In Uganda, laws against homosexuality and same-sex relations persist with a strong majority in society that condemn and marginalise the LGBTQ community. The result is an overwhelming narrative of gays as the other. Despite persecution and widespread violence, 84 year-old bishop Christopher Senyonjo, has publically challenged laws, societal discrimination, and the church’s role in the demonisation of them. He began providing counselling to LGBTQ youth and holding religious services for them. He was cast out of the church, publicised in a magazine as a sympathiser, and receives death threats on a daily basis.

In May 2015, thirty international female peacemakers walked with thousands of Korean women calling for an end to the Korean War. Crossing from north to south through the Demilitarised Zone, they succeeded doing something that 65 years of neither diplomacy nor international relations have been able to accomplish. Led by Korean-American Christine Ahn with renowned feminists and personalities such as Gloria Steinem, they rejoiced in carrying out the seemingly impossible. However, instead of being recognised as heroes that had taken the initiative to engage in difficult dialogue, the South Korean and American media largely treated them with disdain and portrayed them as foolish and naïve.

The hardest thing to do in an inter-personal conflict can often be having a difficult conversation. In some contexts, a direct approach might be used to deal with the issue at hand and come to an understanding. In other contexts, indirect communication or subtle navigation might be employed to find a way to overcome the tension or the conflict.

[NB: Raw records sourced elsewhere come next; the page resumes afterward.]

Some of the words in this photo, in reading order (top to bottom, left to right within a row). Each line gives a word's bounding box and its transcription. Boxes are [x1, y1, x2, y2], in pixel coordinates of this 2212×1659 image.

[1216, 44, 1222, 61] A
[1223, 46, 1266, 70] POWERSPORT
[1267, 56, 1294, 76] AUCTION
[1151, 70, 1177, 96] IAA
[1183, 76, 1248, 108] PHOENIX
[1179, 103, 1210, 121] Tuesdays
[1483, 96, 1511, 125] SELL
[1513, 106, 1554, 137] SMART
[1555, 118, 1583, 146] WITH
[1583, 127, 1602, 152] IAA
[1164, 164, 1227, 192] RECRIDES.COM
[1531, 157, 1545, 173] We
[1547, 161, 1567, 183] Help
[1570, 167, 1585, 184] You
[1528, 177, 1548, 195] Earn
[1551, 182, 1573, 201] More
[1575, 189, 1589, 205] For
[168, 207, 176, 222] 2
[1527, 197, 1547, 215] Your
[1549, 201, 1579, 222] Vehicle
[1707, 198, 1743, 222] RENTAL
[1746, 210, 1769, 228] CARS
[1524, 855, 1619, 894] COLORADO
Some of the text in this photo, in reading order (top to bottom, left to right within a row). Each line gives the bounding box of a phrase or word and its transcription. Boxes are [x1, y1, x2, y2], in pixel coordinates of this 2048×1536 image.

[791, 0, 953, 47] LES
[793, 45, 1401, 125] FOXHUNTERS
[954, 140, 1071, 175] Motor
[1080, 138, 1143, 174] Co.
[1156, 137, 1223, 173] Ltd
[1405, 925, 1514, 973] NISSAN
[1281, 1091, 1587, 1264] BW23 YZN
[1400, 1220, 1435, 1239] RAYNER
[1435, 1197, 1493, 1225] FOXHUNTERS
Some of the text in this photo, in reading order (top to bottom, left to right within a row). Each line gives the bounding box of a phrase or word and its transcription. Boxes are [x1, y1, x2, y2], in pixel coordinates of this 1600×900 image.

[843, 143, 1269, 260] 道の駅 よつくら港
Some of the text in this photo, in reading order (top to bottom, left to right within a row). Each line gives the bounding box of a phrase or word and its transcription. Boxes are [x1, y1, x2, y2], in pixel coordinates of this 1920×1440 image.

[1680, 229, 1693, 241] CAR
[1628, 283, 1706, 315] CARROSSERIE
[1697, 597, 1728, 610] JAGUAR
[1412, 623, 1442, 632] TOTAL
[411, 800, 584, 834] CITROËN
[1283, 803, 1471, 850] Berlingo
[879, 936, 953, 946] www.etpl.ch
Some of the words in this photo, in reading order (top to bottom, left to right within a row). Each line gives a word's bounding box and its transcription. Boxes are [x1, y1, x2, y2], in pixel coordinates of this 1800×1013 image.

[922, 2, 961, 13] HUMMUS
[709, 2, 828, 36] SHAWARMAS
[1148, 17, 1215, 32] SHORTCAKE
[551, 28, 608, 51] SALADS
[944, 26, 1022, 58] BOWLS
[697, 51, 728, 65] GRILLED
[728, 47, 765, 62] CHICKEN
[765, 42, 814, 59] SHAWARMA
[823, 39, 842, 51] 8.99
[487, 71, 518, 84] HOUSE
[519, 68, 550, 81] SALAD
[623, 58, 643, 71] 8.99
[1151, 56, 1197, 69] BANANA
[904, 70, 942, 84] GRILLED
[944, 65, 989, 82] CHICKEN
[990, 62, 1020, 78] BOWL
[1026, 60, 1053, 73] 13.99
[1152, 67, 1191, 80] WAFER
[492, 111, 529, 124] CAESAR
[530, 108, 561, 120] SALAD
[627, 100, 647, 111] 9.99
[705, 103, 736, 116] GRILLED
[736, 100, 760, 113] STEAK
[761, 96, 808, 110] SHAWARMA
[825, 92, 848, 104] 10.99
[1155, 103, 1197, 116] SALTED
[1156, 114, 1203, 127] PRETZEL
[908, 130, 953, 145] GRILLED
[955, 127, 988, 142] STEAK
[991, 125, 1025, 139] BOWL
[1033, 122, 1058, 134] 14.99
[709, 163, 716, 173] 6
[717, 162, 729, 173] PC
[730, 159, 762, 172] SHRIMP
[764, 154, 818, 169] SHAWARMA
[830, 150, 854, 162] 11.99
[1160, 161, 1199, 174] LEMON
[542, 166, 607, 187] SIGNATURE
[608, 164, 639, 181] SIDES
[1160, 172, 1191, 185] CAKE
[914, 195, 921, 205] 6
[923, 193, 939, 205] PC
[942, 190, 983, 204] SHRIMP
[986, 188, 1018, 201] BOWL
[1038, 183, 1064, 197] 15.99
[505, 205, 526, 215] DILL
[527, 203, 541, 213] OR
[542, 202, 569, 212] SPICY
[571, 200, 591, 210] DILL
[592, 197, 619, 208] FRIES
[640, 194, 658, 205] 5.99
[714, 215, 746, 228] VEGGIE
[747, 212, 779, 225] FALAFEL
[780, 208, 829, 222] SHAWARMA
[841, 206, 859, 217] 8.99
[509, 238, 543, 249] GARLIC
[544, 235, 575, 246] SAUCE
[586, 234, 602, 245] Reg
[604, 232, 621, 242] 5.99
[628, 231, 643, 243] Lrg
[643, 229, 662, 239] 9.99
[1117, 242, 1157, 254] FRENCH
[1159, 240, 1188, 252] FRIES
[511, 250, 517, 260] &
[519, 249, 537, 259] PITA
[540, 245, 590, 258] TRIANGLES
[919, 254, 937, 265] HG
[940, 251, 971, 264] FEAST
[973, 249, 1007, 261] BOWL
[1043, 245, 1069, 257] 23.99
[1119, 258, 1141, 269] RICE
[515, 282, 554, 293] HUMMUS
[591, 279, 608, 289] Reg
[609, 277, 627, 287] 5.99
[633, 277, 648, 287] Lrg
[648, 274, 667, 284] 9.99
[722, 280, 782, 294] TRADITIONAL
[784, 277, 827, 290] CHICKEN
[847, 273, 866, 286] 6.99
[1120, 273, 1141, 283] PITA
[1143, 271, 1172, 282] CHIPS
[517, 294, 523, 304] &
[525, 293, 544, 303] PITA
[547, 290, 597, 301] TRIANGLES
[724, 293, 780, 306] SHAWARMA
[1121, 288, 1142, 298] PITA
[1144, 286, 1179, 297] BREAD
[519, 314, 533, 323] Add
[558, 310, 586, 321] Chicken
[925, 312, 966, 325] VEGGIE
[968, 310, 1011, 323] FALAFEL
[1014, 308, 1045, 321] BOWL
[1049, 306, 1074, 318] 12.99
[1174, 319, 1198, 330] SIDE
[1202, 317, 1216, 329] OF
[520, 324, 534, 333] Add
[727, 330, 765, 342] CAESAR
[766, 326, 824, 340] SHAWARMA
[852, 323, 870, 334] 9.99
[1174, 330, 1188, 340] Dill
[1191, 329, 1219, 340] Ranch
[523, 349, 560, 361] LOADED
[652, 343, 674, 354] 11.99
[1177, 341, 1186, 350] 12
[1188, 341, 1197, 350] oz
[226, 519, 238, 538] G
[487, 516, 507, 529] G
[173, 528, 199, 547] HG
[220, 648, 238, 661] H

In a group conflict, when dealing with us and them, it becomes more complex. In an ethnic, national, or identity conflict that has reached such a point of protraction, simply engaging the other to better understand may no longer seem like a logical step. A century ago, it was far easier to simplify identity in an international relations context by nations in an inter-state conflict. As the trend for intra-state and trans-national conflict supersedes traditional conflict, identity blurs and groups of all shapes and sizes come together and bump into others in conflict at varying levels.

One of the more positive results coming from the Robbers Cave experiments was observed during the final stage of the summer camp when the two opposing groups of boys were reunited. In attempt to bring them together and lessen tension, group film screenings and firecracker activities were organised. It didn’t work. A new approach was employed to create a series of problems, such as a blocking the water and other obstacles over the next few days. Despite hard feelings and division, the boys were put into situations that required group unity. By the end of the summer camp, they all decided to travel home together in the same bus. Peace prevailed and relations had been transformed – and the “they” became “us”.